Zineb Dryef : « Dès ses débuts, le comité Adama a dans l’idée de nouer des alliances [Nous y voilà, NDLR] Avec les familles de victimes de violences policières, bien sûr, mais aussi avec des étudiants précaires, des militants pour le climat, des bobos, des jeunes des quartiers, des militants LGBT, des afro-féministes et, plus tard, des “gilets jaunes”. » Youcef Brakni, un autre de ses mentors, gravitant entre trotskisme et salafisme, lâche même le morceau en affirmant au Monde : « On capitalise sur l’image pour capter l’attention. On ne fait aucun déplacement sans photographe professionnel et sans cameraman. » Sans journalistes non plus, pourrait-on ajouter. Mieux, nous apprend Zineb Dryef : « Aucun soutien n’est négligé. Bientôt, elle doit rencontrer des influences lifestyle. » N’en jetez plus.

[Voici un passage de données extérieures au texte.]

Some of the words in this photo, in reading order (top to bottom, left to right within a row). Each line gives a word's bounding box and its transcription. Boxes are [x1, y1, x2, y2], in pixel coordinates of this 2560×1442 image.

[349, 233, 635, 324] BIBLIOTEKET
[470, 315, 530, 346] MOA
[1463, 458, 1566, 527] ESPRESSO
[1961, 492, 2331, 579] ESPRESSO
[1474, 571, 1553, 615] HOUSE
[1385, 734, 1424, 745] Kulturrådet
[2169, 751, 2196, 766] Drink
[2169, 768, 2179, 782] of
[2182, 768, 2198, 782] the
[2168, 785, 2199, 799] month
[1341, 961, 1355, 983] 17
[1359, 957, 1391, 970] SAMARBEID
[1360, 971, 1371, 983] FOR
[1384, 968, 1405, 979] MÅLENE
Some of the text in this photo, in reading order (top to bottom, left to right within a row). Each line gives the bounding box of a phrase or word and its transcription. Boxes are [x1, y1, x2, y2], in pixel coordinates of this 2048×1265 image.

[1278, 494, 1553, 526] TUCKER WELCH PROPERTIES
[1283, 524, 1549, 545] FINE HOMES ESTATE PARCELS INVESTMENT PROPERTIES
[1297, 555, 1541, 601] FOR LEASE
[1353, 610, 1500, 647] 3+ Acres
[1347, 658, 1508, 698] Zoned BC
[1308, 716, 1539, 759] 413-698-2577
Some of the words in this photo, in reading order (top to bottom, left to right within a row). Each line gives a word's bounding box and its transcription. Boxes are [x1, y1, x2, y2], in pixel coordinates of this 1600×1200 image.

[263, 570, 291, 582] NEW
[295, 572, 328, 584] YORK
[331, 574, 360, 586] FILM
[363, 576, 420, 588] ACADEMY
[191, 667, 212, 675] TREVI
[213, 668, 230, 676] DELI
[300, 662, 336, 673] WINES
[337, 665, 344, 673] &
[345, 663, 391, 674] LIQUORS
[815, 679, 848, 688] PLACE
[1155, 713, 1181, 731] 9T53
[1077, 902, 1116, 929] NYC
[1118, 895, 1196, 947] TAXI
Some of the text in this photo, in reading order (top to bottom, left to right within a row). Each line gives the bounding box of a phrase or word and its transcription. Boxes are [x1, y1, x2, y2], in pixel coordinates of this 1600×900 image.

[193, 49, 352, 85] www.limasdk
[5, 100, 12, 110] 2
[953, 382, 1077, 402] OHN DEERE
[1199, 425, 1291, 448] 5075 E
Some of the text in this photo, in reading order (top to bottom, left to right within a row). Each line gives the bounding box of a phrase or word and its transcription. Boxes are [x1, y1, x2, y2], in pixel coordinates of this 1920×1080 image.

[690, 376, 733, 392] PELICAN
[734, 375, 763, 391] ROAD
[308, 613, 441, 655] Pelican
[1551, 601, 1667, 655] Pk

Mais pour donner corps à ce storytelling, encore faut-il assener des arguments susceptibles de parler au cœur de ceux qui rejouent le Vercors à la terrasse des cafés de Bastille. Si Adama Traoré est mort accidentellement lors d’un contrôle, c’est donc parce qu’il était noir et que l’État français et ses policiers seraient structurellement racistes. Deux des gendarmes incriminés étaient eux aussi noirs ? Peu importe. C’est beau comme du Joe Biden, le challenger démocrate de Donald Trump, qui a récemment déclaré : « Un Noir n’est pas noir s’il vote Trump. »

Il y aurait donc de « vrais » et de « faux » Noirs. Mais qui décrète qui est l’un ou qui est l’autre ? D’autres Noirs, semble-t-il. Mais sont-ils « faux » ou « vrais », ceux-là ? Le fait que le comité Traoré puisse emprunter à ce vocabulaire américain n’a rien d’anodin. Ainsi, la nouvelle Antigone vient-elle de recevoir le Global Good Award 2020, décerné par la chaîne américaine Black Entertainment Television, pour son « action en faveur de la communauté noire mondiale ».

Et Assa Traoré de répéter en boucle, en guise d’argument ultime : « Mon petit-frère, Adama Traoré, a été tué par les gendarmes le jour de son anniversaire. »

Parce que si le drame était survenu le jour de l’An, ça aurait été moins grave ?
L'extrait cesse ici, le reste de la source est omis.